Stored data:
▬▬▬▬▬▬
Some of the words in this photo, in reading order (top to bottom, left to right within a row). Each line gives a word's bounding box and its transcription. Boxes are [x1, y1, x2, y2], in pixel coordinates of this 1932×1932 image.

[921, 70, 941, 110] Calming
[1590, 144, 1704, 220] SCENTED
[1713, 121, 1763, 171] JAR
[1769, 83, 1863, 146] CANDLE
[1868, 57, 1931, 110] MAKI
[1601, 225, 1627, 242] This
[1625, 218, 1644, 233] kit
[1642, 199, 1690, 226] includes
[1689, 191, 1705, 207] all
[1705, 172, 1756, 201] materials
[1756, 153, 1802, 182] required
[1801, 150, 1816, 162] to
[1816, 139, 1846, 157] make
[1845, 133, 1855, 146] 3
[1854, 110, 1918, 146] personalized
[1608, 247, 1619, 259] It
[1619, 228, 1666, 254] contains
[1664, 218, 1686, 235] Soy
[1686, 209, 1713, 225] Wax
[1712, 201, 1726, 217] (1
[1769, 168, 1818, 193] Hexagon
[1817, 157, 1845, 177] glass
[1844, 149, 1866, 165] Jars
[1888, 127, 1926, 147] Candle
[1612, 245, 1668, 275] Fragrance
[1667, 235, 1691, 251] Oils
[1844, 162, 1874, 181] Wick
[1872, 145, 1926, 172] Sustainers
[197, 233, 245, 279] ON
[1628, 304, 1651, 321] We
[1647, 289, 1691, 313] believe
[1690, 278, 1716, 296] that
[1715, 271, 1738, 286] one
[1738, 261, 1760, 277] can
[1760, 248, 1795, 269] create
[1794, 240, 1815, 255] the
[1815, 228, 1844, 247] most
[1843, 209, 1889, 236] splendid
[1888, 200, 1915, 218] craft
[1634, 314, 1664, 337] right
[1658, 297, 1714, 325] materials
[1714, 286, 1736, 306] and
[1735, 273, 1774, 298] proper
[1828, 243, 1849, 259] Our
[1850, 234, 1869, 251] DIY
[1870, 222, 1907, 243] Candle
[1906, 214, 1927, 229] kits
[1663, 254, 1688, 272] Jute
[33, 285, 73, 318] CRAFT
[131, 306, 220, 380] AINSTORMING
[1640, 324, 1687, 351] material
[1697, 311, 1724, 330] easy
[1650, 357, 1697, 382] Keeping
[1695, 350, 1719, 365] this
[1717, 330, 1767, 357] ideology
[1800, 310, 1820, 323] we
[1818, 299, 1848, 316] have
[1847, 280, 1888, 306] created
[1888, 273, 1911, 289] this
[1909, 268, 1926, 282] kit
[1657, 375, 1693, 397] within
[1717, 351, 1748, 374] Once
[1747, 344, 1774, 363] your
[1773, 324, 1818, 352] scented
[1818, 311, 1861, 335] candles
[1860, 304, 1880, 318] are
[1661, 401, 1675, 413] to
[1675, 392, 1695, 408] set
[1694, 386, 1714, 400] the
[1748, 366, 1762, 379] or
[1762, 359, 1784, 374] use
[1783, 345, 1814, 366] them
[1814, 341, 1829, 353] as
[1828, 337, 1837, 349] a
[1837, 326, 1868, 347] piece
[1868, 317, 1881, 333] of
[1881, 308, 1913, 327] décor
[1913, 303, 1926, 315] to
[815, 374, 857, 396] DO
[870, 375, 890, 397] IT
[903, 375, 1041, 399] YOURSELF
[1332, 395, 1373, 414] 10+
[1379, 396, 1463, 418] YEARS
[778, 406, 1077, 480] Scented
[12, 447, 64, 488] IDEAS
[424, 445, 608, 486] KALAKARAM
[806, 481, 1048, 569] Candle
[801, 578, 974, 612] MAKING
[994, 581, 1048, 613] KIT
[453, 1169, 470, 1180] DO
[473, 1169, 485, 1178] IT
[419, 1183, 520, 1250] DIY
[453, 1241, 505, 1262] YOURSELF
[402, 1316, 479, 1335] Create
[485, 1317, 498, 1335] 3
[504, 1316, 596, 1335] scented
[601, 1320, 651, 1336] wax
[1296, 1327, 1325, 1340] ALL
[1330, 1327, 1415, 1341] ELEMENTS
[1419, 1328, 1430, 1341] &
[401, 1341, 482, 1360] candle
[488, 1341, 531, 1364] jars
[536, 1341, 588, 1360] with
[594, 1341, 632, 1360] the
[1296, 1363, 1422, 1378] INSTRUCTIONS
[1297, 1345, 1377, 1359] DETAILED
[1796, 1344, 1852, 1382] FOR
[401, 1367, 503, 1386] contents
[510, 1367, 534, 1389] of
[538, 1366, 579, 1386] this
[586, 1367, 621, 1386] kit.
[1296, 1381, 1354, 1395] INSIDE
▬▬▬▬▬▬
What the exercise asks ::
Could you set down every record exactly as given?

The answer ::
Some of the words in this photo, in reading order (top to bottom, left to right within a row). Each line gives a word's bounding box and its transcription. Boxes are [x1, y1, x2, y2], in pixel coordinates of this 1932×1932 image.

[921, 70, 941, 110] Calming
[1590, 144, 1704, 220] SCENTED
[1713, 121, 1763, 171] JAR
[1769, 83, 1863, 146] CANDLE
[1868, 57, 1931, 110] MAKI
[1601, 225, 1627, 242] This
[1625, 218, 1644, 233] kit
[1642, 199, 1690, 226] includes
[1689, 191, 1705, 207] all
[1705, 172, 1756, 201] materials
[1756, 153, 1802, 182] required
[1801, 150, 1816, 162] to
[1816, 139, 1846, 157] make
[1845, 133, 1855, 146] 3
[1854, 110, 1918, 146] personalized
[1608, 247, 1619, 259] It
[1619, 228, 1666, 254] contains
[1664, 218, 1686, 235] Soy
[1686, 209, 1713, 225] Wax
[1712, 201, 1726, 217] (1
[1769, 168, 1818, 193] Hexagon
[1817, 157, 1845, 177] glass
[1844, 149, 1866, 165] Jars
[1888, 127, 1926, 147] Candle
[1612, 245, 1668, 275] Fragrance
[1667, 235, 1691, 251] Oils
[1844, 162, 1874, 181] Wick
[1872, 145, 1926, 172] Sustainers
[197, 233, 245, 279] ON
[1628, 304, 1651, 321] We
[1647, 289, 1691, 313] believe
[1690, 278, 1716, 296] that
[1715, 271, 1738, 286] one
[1738, 261, 1760, 277] can
[1760, 248, 1795, 269] create
[1794, 240, 1815, 255] the
[1815, 228, 1844, 247] most
[1843, 209, 1889, 236] splendid
[1888, 200, 1915, 218] craft
[1634, 314, 1664, 337] right
[1658, 297, 1714, 325] materials
[1714, 286, 1736, 306] and
[1735, 273, 1774, 298] proper
[1828, 243, 1849, 259] Our
[1850, 234, 1869, 251] DIY
[1870, 222, 1907, 243] Candle
[1906, 214, 1927, 229] kits
[1663, 254, 1688, 272] Jute
[33, 285, 73, 318] CRAFT
[131, 306, 220, 380] AINSTORMING
[1640, 324, 1687, 351] material
[1697, 311, 1724, 330] easy
[1650, 357, 1697, 382] Keeping
[1695, 350, 1719, 365] this
[1717, 330, 1767, 357] ideology
[1800, 310, 1820, 323] we
[1818, 299, 1848, 316] have
[1847, 280, 1888, 306] created
[1888, 273, 1911, 289] this
[1909, 268, 1926, 282] kit
[1657, 375, 1693, 397] within
[1717, 351, 1748, 374] Once
[1747, 344, 1774, 363] your
[1773, 324, 1818, 352] scented
[1818, 311, 1861, 335] candles
[1860, 304, 1880, 318] are
[1661, 401, 1675, 413] to
[1675, 392, 1695, 408] set
[1694, 386, 1714, 400] the
[1748, 366, 1762, 379] or
[1762, 359, 1784, 374] use
[1783, 345, 1814, 366] them
[1814, 341, 1829, 353] as
[1828, 337, 1837, 349] a
[1837, 326, 1868, 347] piece
[1868, 317, 1881, 333] of
[1881, 308, 1913, 327] décor
[1913, 303, 1926, 315] to
[815, 374, 857, 396] DO
[870, 375, 890, 397] IT
[903, 375, 1041, 399] YOURSELF
[1332, 395, 1373, 414] 10+
[1379, 396, 1463, 418] YEARS
[778, 406, 1077, 480] Scented
[12, 447, 64, 488] IDEAS
[424, 445, 608, 486] KALAKARAM
[806, 481, 1048, 569] Candle
[801, 578, 974, 612] MAKING
[994, 581, 1048, 613] KIT
[453, 1169, 470, 1180] DO
[473, 1169, 485, 1178] IT
[419, 1183, 520, 1250] DIY
[453, 1241, 505, 1262] YOURSELF
[402, 1316, 479, 1335] Create
[485, 1317, 498, 1335] 3
[504, 1316, 596, 1335] scented
[601, 1320, 651, 1336] wax
[1296, 1327, 1325, 1340] ALL
[1330, 1327, 1415, 1341] ELEMENTS
[1419, 1328, 1430, 1341] &
[401, 1341, 482, 1360] candle
[488, 1341, 531, 1364] jars
[536, 1341, 588, 1360] with
[594, 1341, 632, 1360] the
[1296, 1363, 1422, 1378] INSTRUCTIONS
[1297, 1345, 1377, 1359] DETAILED
[1796, 1344, 1852, 1382] FOR
[401, 1367, 503, 1386] contents
[510, 1367, 534, 1389] of
[538, 1366, 579, 1386] this
[586, 1367, 621, 1386] kit.
[1296, 1381, 1354, 1395] INSIDE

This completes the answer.